Limit, Continuity and Differentiability – JEE Mains Mathematics

1. Real-Valued Functions

A function that maps real numbers to real numbers.
Examples include polynomial, rational, trigonometric, logarithmic, and exponential functions.

2. Algebra of Functions

Sum, difference, product, and quotient of functions can be formed:
If f(x) and g(x) are functions, then (f + g)(x) = f(x) + g(x), (f − g)(x) = f(x) − g(x), (f * g)(x) = f(x) * g(x), and (f/g)(x) = f(x) / g(x), for g(x) ≠ 0.

3. Types of Functions

Polynomial Functions: Functions involving powers of x, e.g., f(x) = ax² + bx + c
Rational Functions: Functions of the form f(x) = P(x)/Q(x), where P(x) and Q(x) are polynomials
Trigonometric Functions: f(x) = sin(x), cos(x), tan(x), etc.
Logarithmic and Exponential Functions: e.g., f(x) = log(x), f(x) = e^x
Inverse Functions: Functions that reverse the effect of a given function, e.g., if f(x) = y, then f⁻¹(y) = x.

4. Limits

Limit of a function describes the behavior of the function as the input approaches a particular value.
Mathematical Representation: lim_{x → a} f(x) = L
Fundamental limit properties: lim_{x → a} [f(x) ± g(x)] = lim_{x → a} f(x) ± lim_{x → a} g(x)
Limits are used to define continuity and differentiability.

5. Continuity

A function is continuous at a point if the following are true:

f(a) is defined
lim_{x → a} f(x) exists
lim_{x → a} f(x) = f(a)

Continuous functions do not have jumps, breaks, or holes in their graphs.

6. Differentiability

A function is differentiable at a point if the derivative exists at that point.
f'(x) = lim_{h → 0} [f(x+h) − f(x)]/h
If a function is differentiable at a point, it is also continuous at that point.
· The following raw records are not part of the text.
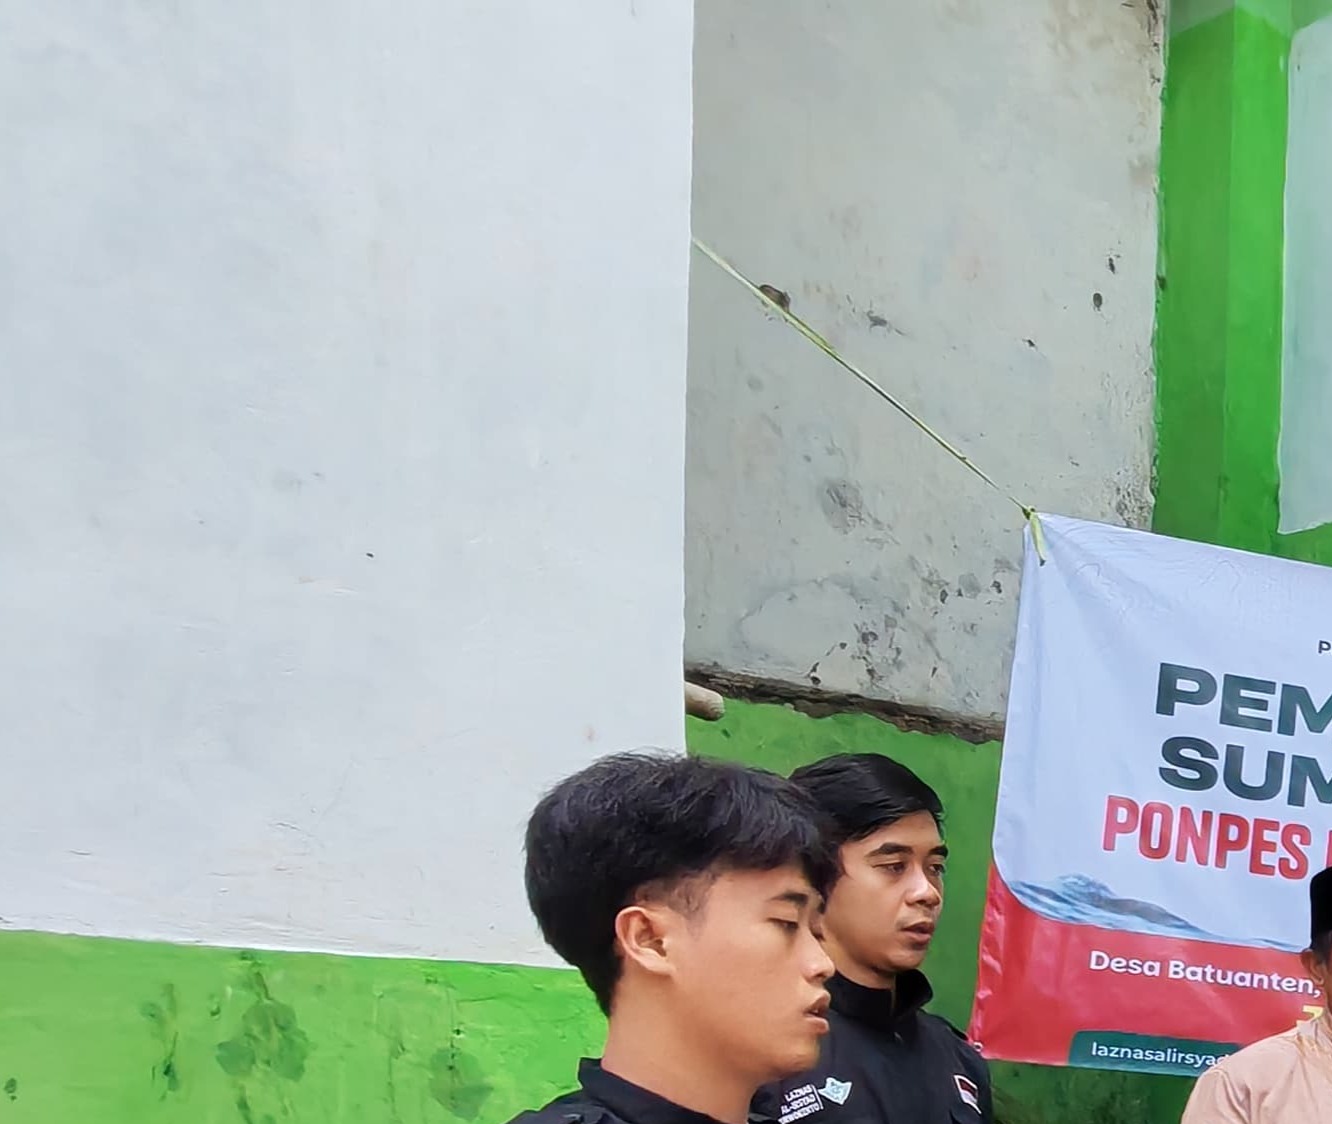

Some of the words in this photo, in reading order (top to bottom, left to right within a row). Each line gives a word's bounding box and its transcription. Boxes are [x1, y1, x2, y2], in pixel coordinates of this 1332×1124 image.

[1103, 795, 1312, 880] PONPES
[1089, 950, 1160, 977] Desa
[1168, 959, 1321, 998] Batuanten,
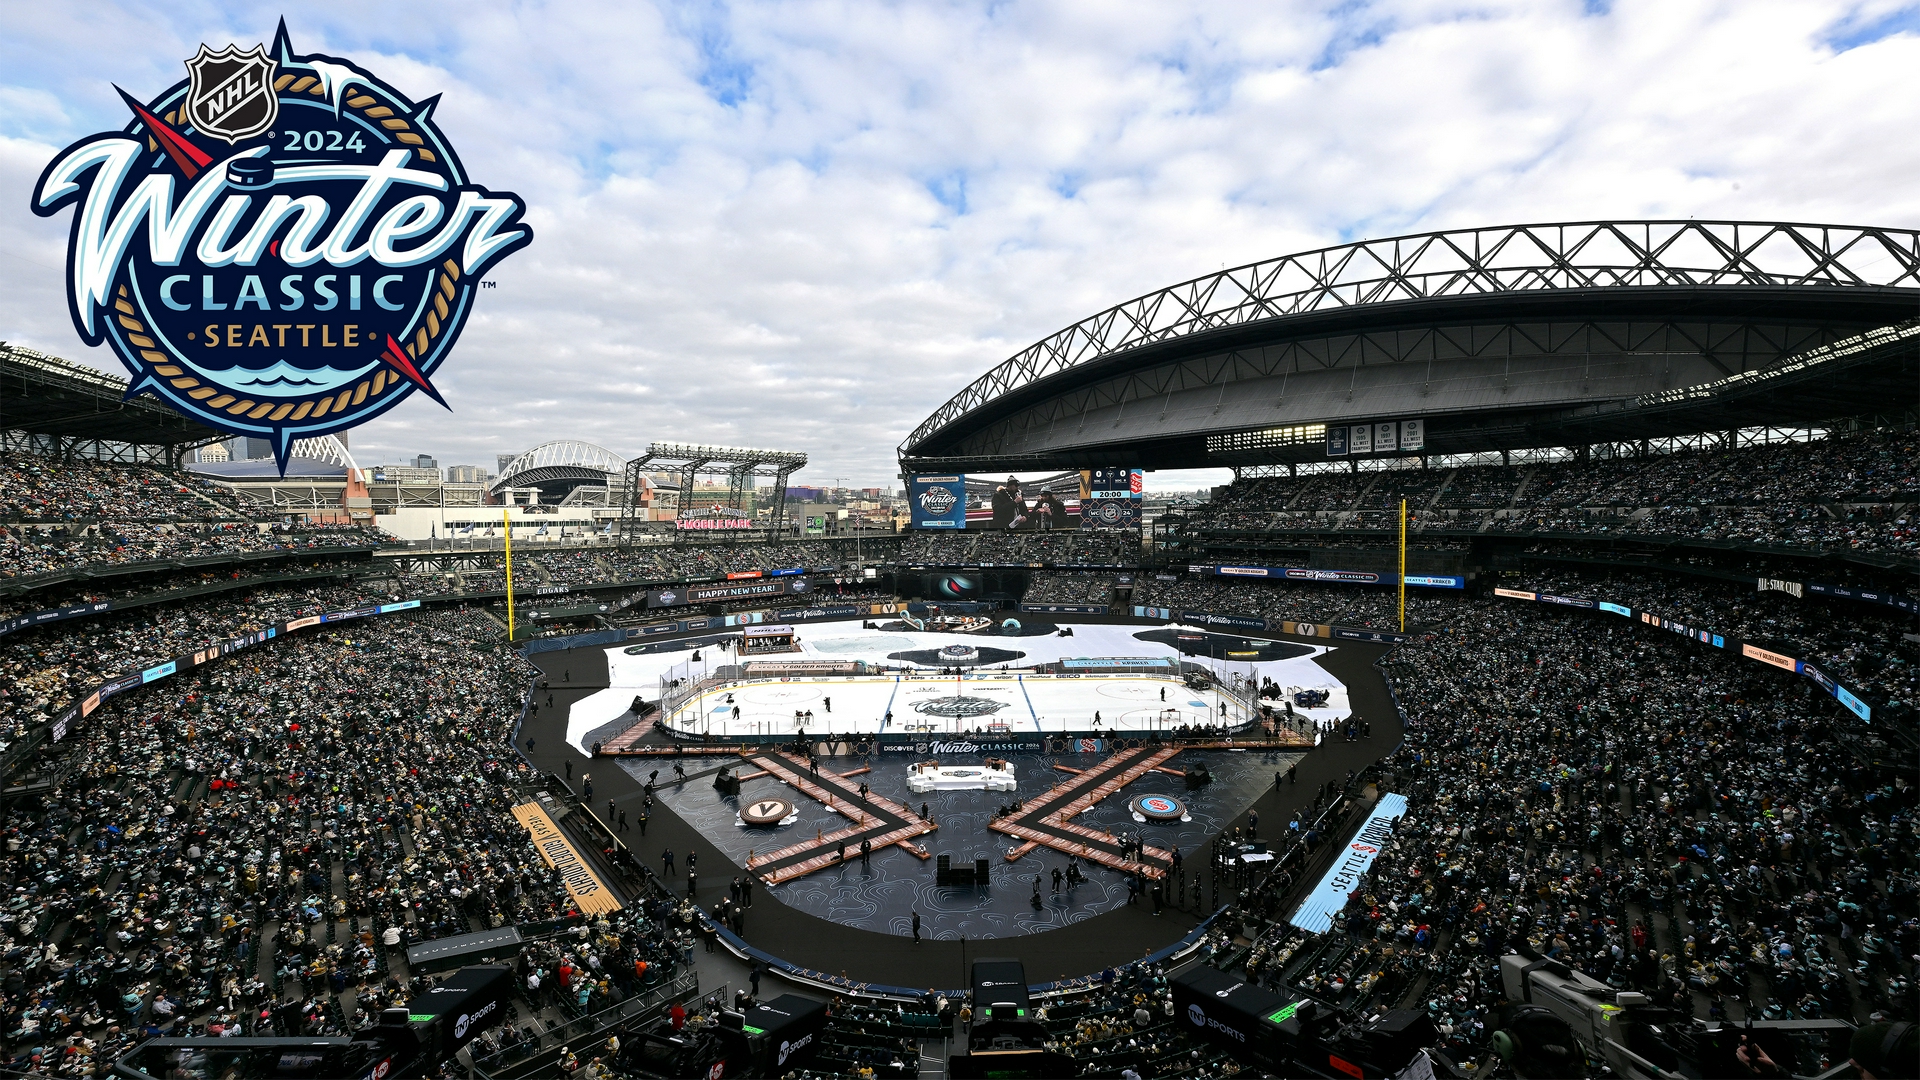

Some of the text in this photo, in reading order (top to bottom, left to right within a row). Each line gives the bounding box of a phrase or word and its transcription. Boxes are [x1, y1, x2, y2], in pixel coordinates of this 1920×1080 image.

[918, 493, 958, 508] Winter
[675, 519, 753, 530] T-MOBILE PARK
[698, 585, 775, 599] HAPPY NEW YEAR!
[1785, 582, 1802, 598] CLUB
[1206, 615, 1231, 624] Winter
[707, 684, 728, 693] DISCOVER
[929, 740, 980, 754] Winter
[529, 816, 550, 836] VEGAS
[542, 839, 576, 867] GOLDEN
[1330, 852, 1368, 890] SEATTLE
[455, 1000, 496, 1037] TNT SPORTS
[1188, 1006, 1245, 1042] TNT SPORTS
[789, 1034, 812, 1054] SPORTS
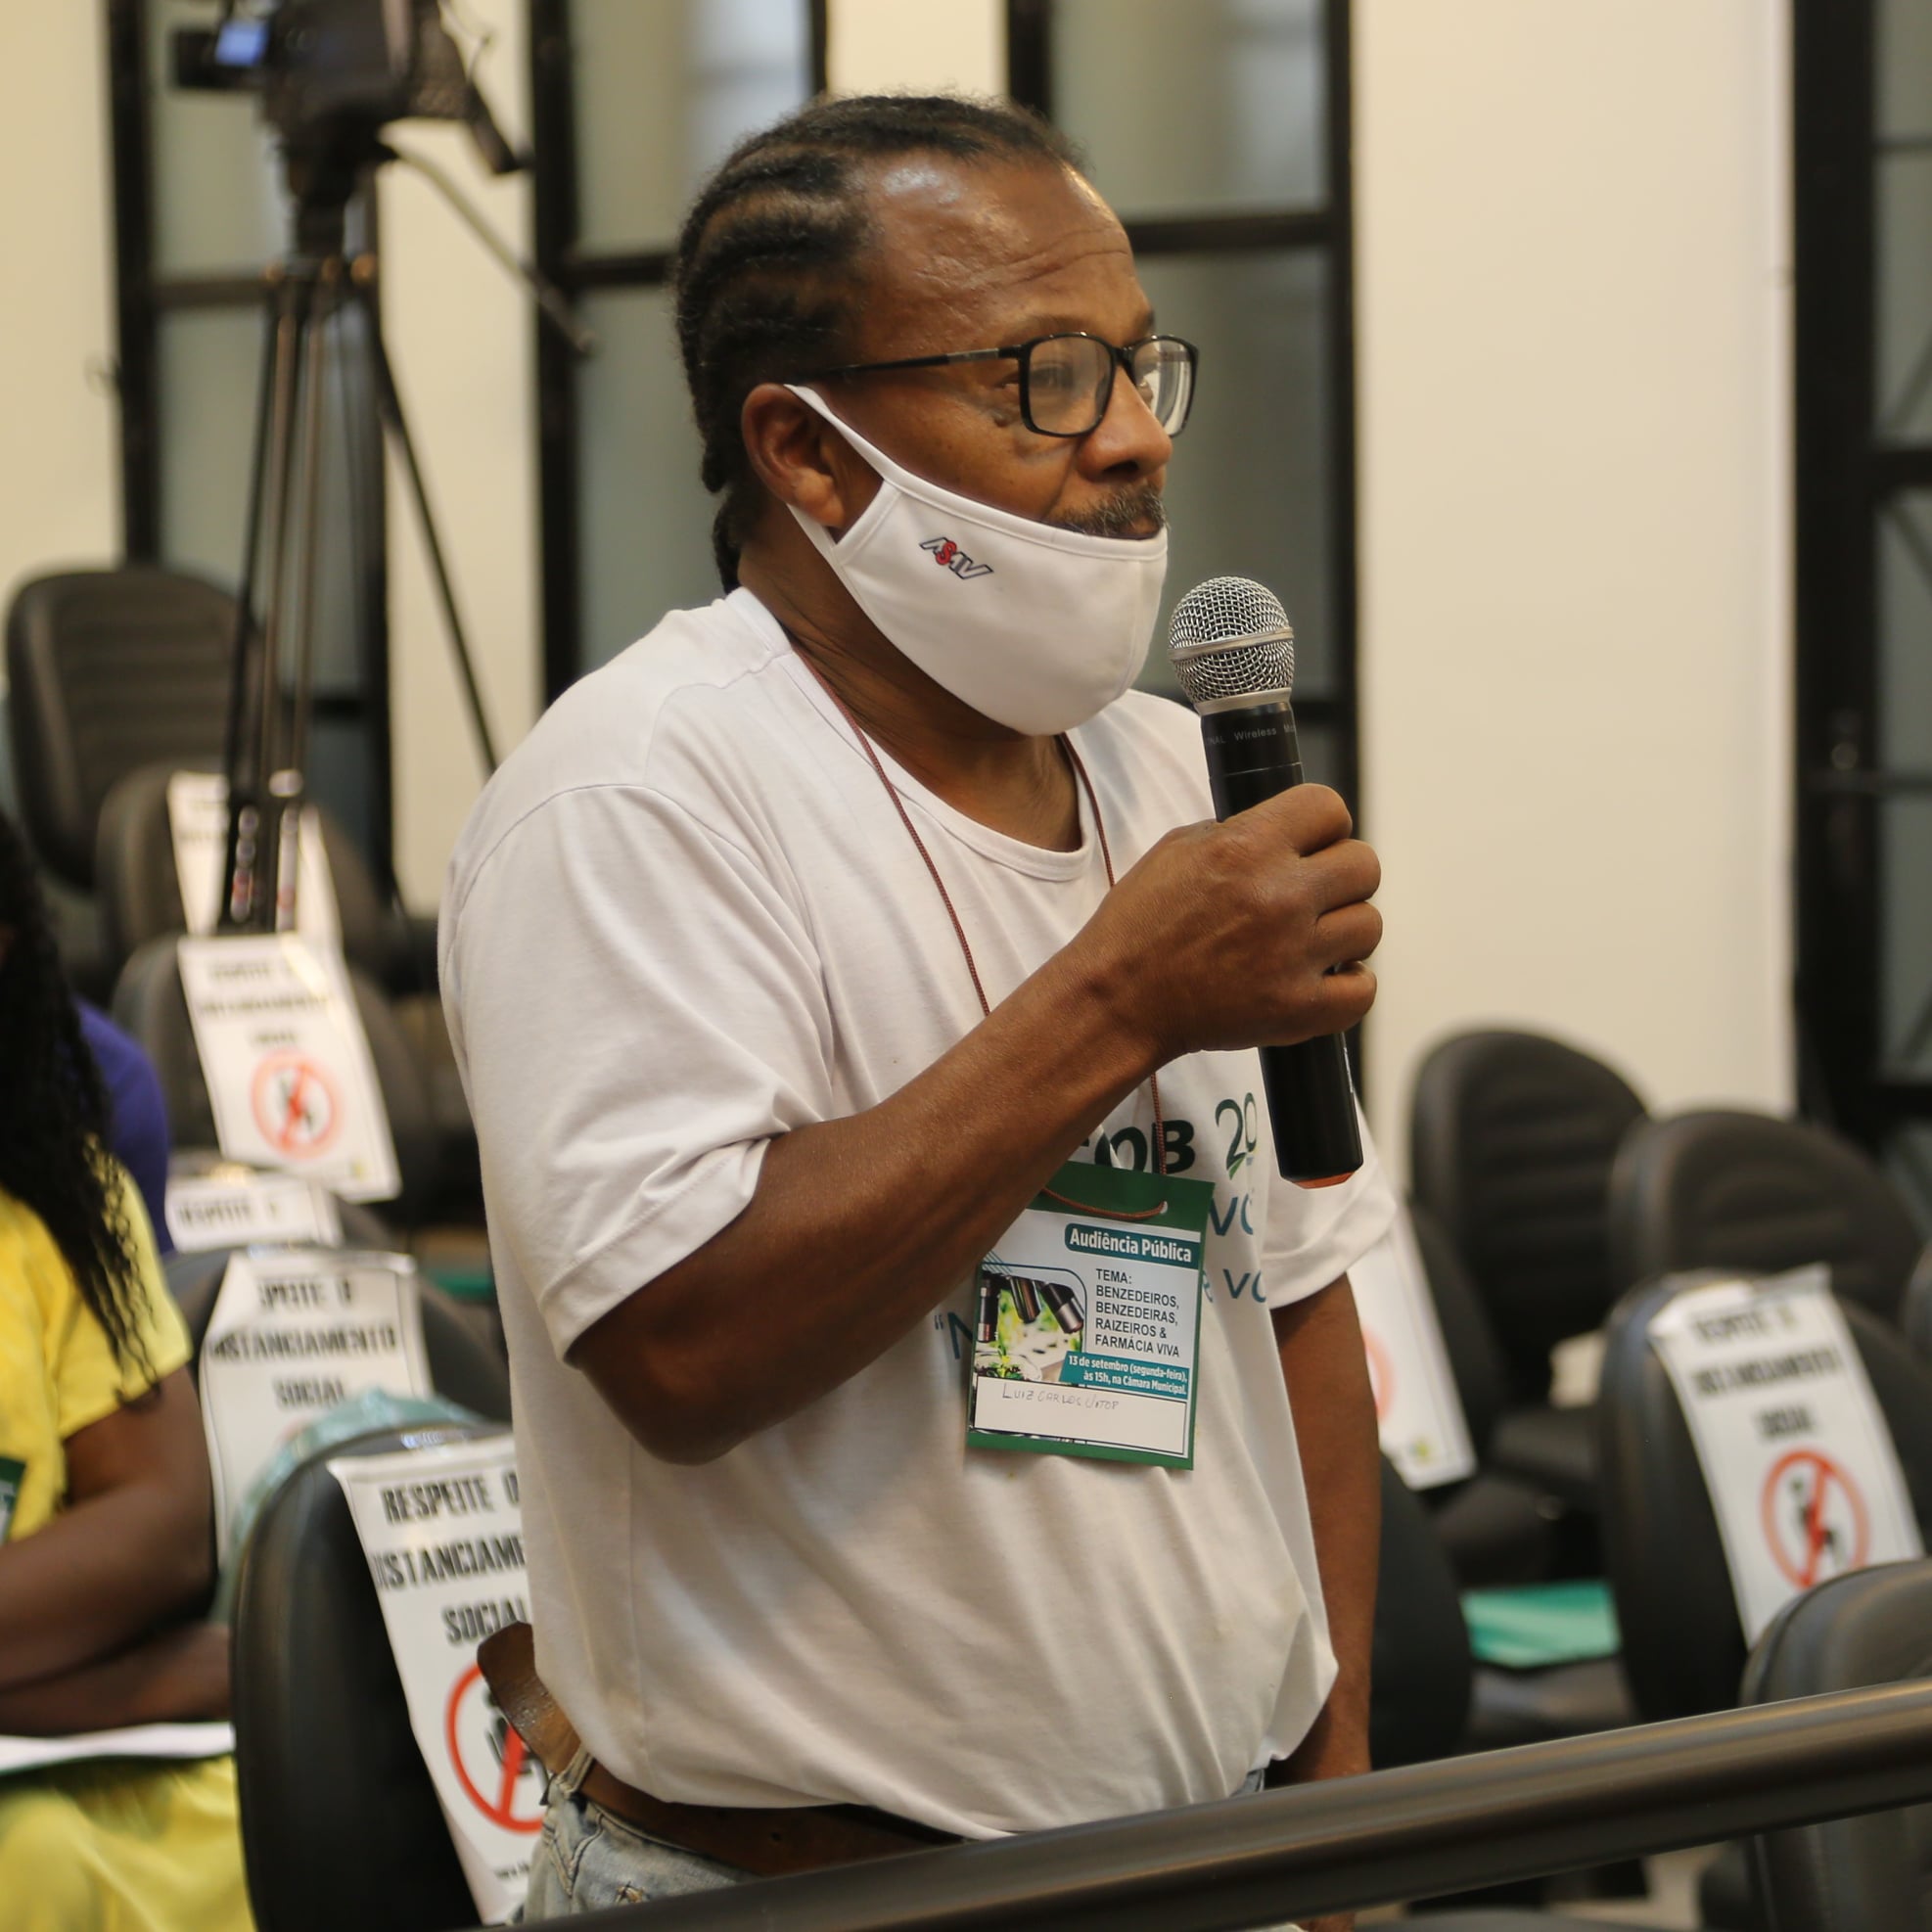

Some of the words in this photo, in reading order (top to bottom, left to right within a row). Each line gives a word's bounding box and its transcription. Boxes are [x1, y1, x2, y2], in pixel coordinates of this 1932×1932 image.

7. Differentiation of Various Functions

Sum, Difference, Product, and Quotient: Differentiation rules for sum, difference, product, and quotient of two functions.
Trigonometric Functions:
- d/dx [sin(x)] = cos(x)
- d/dx [cos(x)] = −sin(x)
- d/dx [tan(x)] = sec²(x)
Inverse Trigonometric Functions:
- d/dx [arcsin(x)] = 1/√(1−x²)
- d/dx [arccos(x)] = −1/√(1−x²)
Logarithmic Functions:
- d/dx [ln(x)] = 1/x
- d/dx [logₐ(x)] = 1/(x ln(a))
Exponential Functions:
- d/dx [e^x] = e^x
- d/dx [a^x] = a^x ln(a)
Composite Functions:
- d/dx [f(g(x))] = f'(g(x)) * g'(x)
Implicit Functions: Differentiation of functions involving both x and y using implicit differentiation.

8. Applications of Derivatives

Rate of Change: Derivatives are used to find the rate at which one quantity changes with respect to another.
Monotonic Functions: A function is increasing if its derivative is positive, decreasing if its derivative is negative.
Maxima and Minima:
- Use first and second derivative tests to find local maxima and minima of a function.
- If f'(x) = 0 and f''(x) > 0, the function has a local minimum at x.
- If f'(x) = 0 and f''(x) < 0, the function has a local maximum at x.